Wir wollen mit offenen Augen durch unsere Stadt gehen. Wir wollen sehen, verstehen und begreifen, was wir sehen.

Witten ist eine deutsche Stadt und hier spricht man Deutsch. Witten ist aber eine Stadt, die es ohne Migranten gar nicht gäbe.
– Hier gleicht sie der Partnerstadt Tczew. –
Es sind die Migranten aus deutschen Ländern und preußischen Provinzen mit polnisch sprechenden Menschen gewesen, die das Dorf Witten durch die Entwicklung der Industrie zur Stadt entwickelten. Auch von jenseits der Alpen kamen die Menschen, um hier mit ihren fachlichen Kenntnissen zu arbeiten und Großes zu schaffen, wie die Eisenbahnlinien.

Das ist Europa. Hier wollen wir in Frieden, Freiheit und in guter Nachbarschaft mit unseren Nachbarn zusammenleben. Unterschiedlich wie wir sind, aber gemeinsam.
Ein kleines Schild weist nun darauf hin, daß dies nicht immer leicht war, aber es ist möglich.
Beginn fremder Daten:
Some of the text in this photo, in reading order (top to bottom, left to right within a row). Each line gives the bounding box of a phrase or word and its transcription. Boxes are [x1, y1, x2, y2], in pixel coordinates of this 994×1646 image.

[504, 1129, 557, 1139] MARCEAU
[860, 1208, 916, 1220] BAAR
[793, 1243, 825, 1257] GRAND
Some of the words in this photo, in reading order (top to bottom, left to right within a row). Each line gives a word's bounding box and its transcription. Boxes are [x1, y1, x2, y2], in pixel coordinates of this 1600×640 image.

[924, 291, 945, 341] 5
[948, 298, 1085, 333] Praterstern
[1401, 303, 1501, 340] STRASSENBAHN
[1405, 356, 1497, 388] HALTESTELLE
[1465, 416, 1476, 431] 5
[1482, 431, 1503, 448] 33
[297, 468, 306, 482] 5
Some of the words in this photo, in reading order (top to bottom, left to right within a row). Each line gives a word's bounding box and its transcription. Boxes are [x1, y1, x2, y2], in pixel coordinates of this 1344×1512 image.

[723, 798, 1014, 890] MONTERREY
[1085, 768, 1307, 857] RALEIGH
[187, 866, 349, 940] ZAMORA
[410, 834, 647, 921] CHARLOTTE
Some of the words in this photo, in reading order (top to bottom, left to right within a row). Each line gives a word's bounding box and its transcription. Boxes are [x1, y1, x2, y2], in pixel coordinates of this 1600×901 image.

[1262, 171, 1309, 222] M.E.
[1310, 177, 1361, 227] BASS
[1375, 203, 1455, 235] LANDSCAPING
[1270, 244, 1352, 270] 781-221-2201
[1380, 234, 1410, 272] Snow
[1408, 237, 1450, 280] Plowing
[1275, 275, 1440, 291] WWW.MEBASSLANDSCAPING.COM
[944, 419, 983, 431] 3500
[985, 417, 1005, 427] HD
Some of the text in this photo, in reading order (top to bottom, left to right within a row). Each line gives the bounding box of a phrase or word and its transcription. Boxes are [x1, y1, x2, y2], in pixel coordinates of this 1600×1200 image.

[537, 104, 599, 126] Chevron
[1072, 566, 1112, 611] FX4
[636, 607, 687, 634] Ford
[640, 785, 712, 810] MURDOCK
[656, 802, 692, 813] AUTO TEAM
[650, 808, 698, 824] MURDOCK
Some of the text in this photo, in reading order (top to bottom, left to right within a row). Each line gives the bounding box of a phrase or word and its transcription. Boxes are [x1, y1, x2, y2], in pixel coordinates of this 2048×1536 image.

Sonntag, den 4. September 2022 um 11.30 Uhr in der Dirschauer Straße

Als die „Dirschauer Straße“ in Witten im Jahre 1967 benannt wurde, war man von einer Anerkennung des polnischen Staates in den Grenzen, wie sie  nach dem Zweiten Weltkrieg 1945 gezogen wurde, noch weit entfernt. Dirschau ist der deutsche Name für die polnische Stadt Tczew, die im Jahr 1260 von einem polnischen Fürsten gegründet wurde. Tczew ist einer der Orte, an denen die deutsche Wehrmacht am 1. September 1939 den Krieg begannen.
Die polnische Stadt Tczew hieß während der Zeit der polnischen Teilungen nach 1772 und während der deutschen Besatzung im Zweiten Weltkrieg ab 1939 Dirschau. In der Partnerstadt Tczew geht man offen mit dem deutschen Anteil an der Geschichte um. Es finden sich in der Altstadt viele dreisprachige Hinweisschilder auf die Geschichte der Stadt. Und seit 2015 steht ein Straßenschild aus Berlin in Tczew: „Dirschauer Straße“.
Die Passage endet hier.